The problems with `AUTO_INCREMENT` emerge when you scale or integrate:

* **Row count exposure**: `SELECT COUNT(*)` from an ID sequence tells an API client how many orders exist. Sequential IDs in URLs let users enumerate records.
* **Distributed generation**: Generating unique IDs across multiple writers requires coordination — a sequence server, a designated writer, or manual ID ranges.
* **Data merges**: Merging two tables from different databases produces ID collisions. You're doing a renumber.

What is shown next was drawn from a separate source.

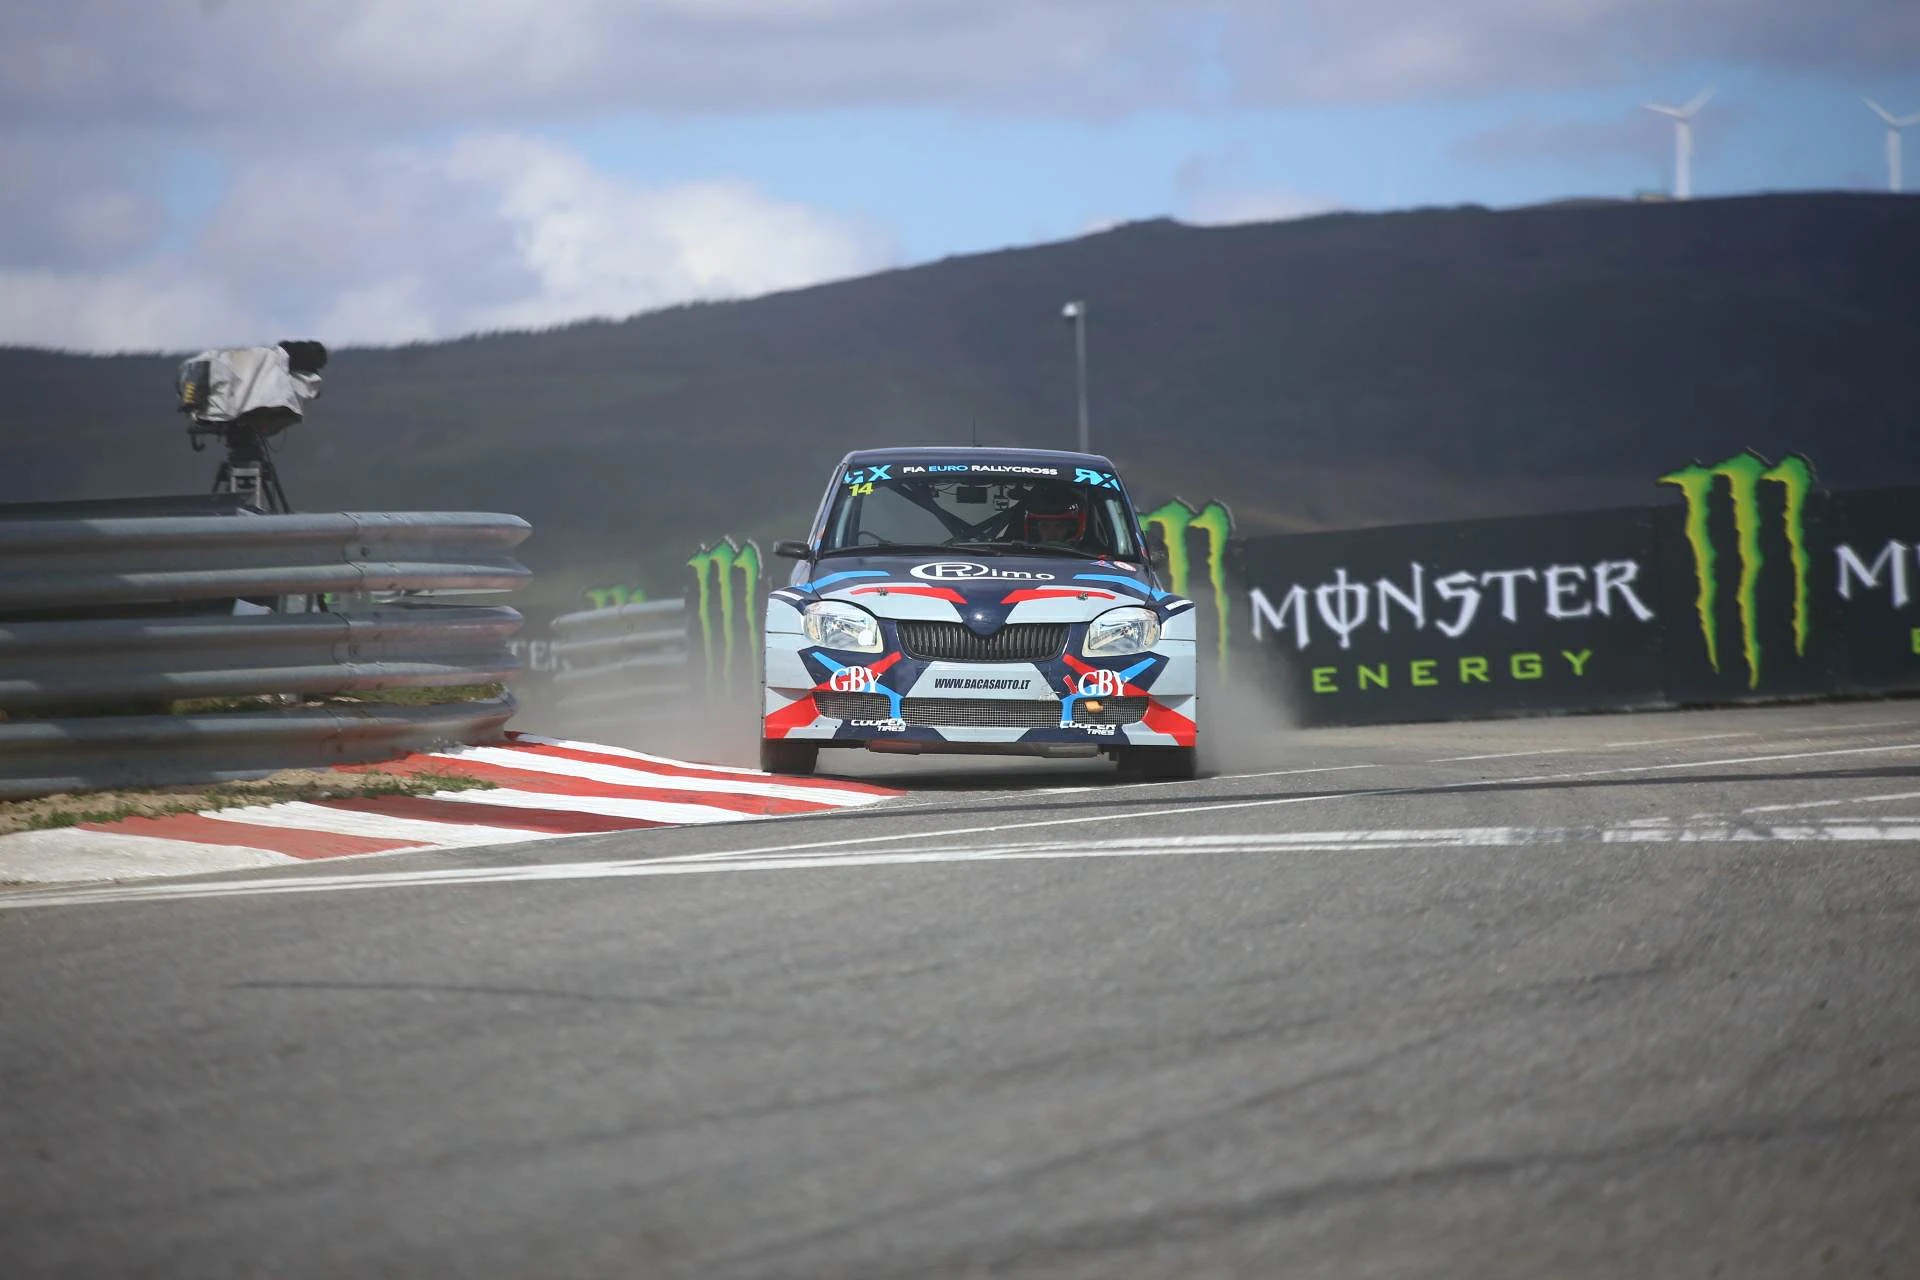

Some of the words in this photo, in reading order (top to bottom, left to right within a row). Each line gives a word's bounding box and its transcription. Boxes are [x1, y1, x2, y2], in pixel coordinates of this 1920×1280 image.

If none of those apply, `AUTO_INCREMENT` is probably the right answer. Keep it.

## When You Need Globally Unique IDs

The standard solution is UUIDs: 128-bit random identifiers that can be generated independently on any node without coordination and won't collide in practice.

MySQL's built-in `UUID()` returns a v1 UUID as a `CHAR(36)` string. You can store it directly, but there's a cost: `CHAR(36)` is 36 bytes versus 16 bytes for the binary equivalent, and random UUIDs (v4) cause InnoDB index fragmentation because new rows don't land at the end of the index — they land anywhere, forcing page splits.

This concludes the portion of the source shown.